Just a year after getting turned aside by voters, school officials in Brookfield-LaGrange Park Elementary School District 95 gave solid support to a referendum that will raise the district’s education fund tax rate by 47 cents per $100 of equalized assessed value.

With 11 of 14 precincts reporting, the question was ahead by a count of 1,535 to 1,201. That was enough for Superintendent Douglas Rudig to declare the referendum a winner at 10:30 p.m. last night.

“Based on the numbers these same three precincts gave us last year, we feel we have won it,” Rudig said.

In 2005, 54 percent of voters cast “no” votes for a lower tax increase. Rudig said district officials did a better job getting their message to voters this time around.

“The big difference for us was that we’ve been out there for a year,” Rudig said. “The board really got the word out to many, many more people, and got the message across in a much more intense way.”

In addition to getting the message out about education improvements in the district in the past several years, the school board also specifically laid out a series of staff and program cuts that result if the referendum didn’t pass this time around.
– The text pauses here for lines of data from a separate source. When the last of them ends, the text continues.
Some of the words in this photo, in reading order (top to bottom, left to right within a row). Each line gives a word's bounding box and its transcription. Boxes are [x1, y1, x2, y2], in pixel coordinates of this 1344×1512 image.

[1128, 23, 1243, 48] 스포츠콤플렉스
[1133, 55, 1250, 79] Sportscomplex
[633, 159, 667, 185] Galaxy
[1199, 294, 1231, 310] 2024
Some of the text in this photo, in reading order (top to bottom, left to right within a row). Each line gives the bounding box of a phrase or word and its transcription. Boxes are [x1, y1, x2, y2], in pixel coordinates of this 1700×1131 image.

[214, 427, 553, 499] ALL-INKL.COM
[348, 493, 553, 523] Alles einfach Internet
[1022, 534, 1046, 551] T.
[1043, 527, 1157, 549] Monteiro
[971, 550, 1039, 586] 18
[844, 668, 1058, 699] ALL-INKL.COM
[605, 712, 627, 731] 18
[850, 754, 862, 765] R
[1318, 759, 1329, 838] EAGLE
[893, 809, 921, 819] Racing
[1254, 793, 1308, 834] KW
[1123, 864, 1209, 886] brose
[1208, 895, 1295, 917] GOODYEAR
“We were certainly focused on three major areas,” Rudig said. “First, all of the excellent improvements the district has made in the last six years. Second, the cutbacks that would have to happen, and three we have a future plan that supports education and facilities both.”

The district has been helping bolster its operational fund in recent years by using bond proceeds. In 2004, the district issued $3.6 million in working cash bonds, which it has used to cover shortfalls in its education fund.
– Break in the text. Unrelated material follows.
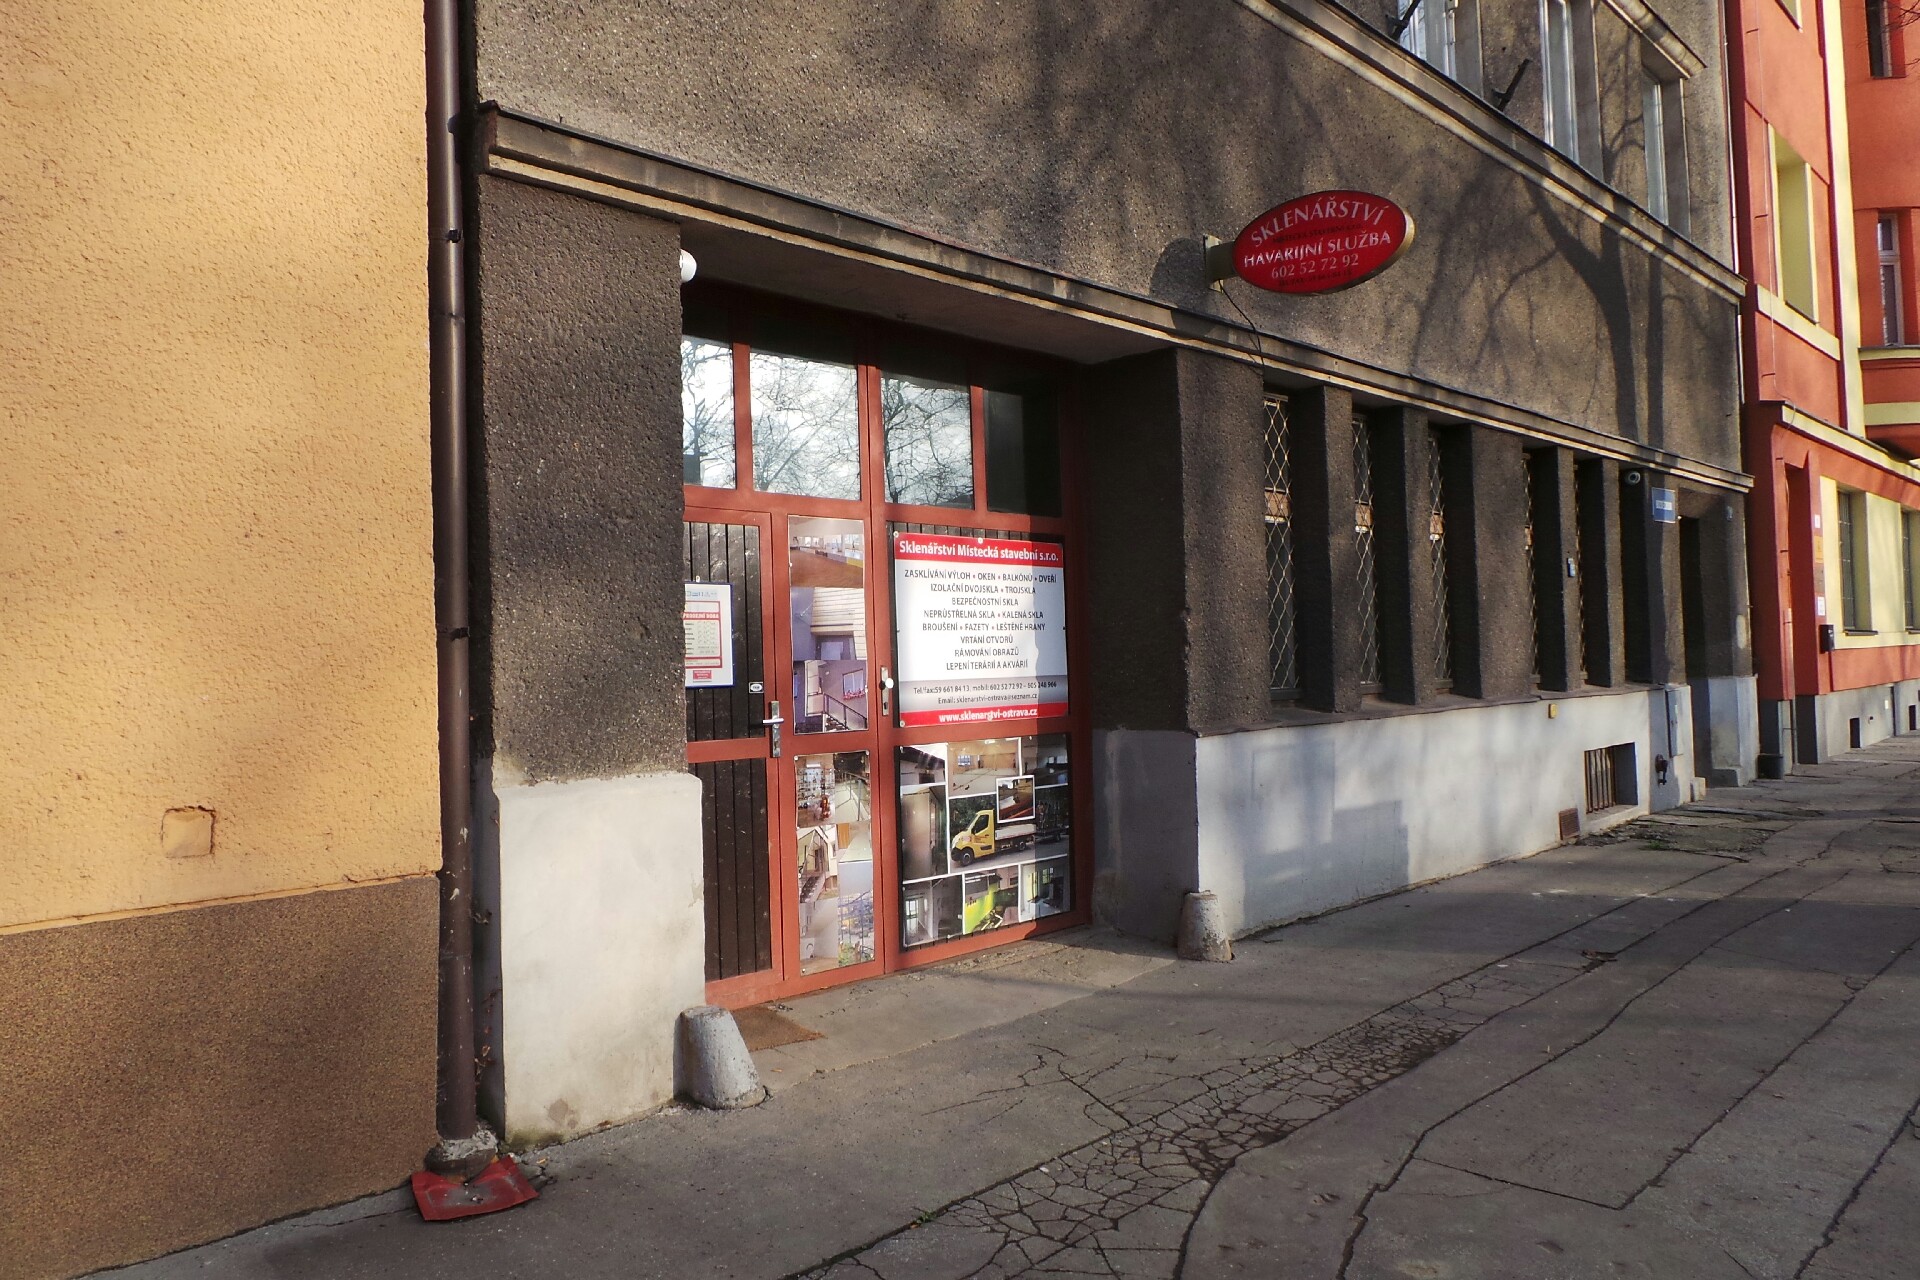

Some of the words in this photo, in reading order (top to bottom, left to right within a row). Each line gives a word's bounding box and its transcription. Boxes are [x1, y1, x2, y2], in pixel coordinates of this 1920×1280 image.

The deficit in the education fund for the 2005-06 school year was expected to be approximately $800,000. Without an influx of cash, the district projected that the education fund would be bankrupt by next year.

By passing the 47-cent tax increase, the district expects to have a surplus in its education fund of some $3 million by 2010, which will keep it solvent for many years and also allow the district to use bond proceeds it still has in the bank to address facilities renovations at its two schools, Brook Park School in LaGrange Park and S.E. Gross Middle School.

The referendum victory also marks the final major achievement of Rudig, who announced his resignation from the district last fall and will be taking over as superintendent of Elmwood Park Unit District 401 next fall.

“It makes me extremely proud that people recognized all of the improvements we’ve worked on in the last six years,” said Rudig, who has been superintendent since 2000. “They want to continue to see that in the district.”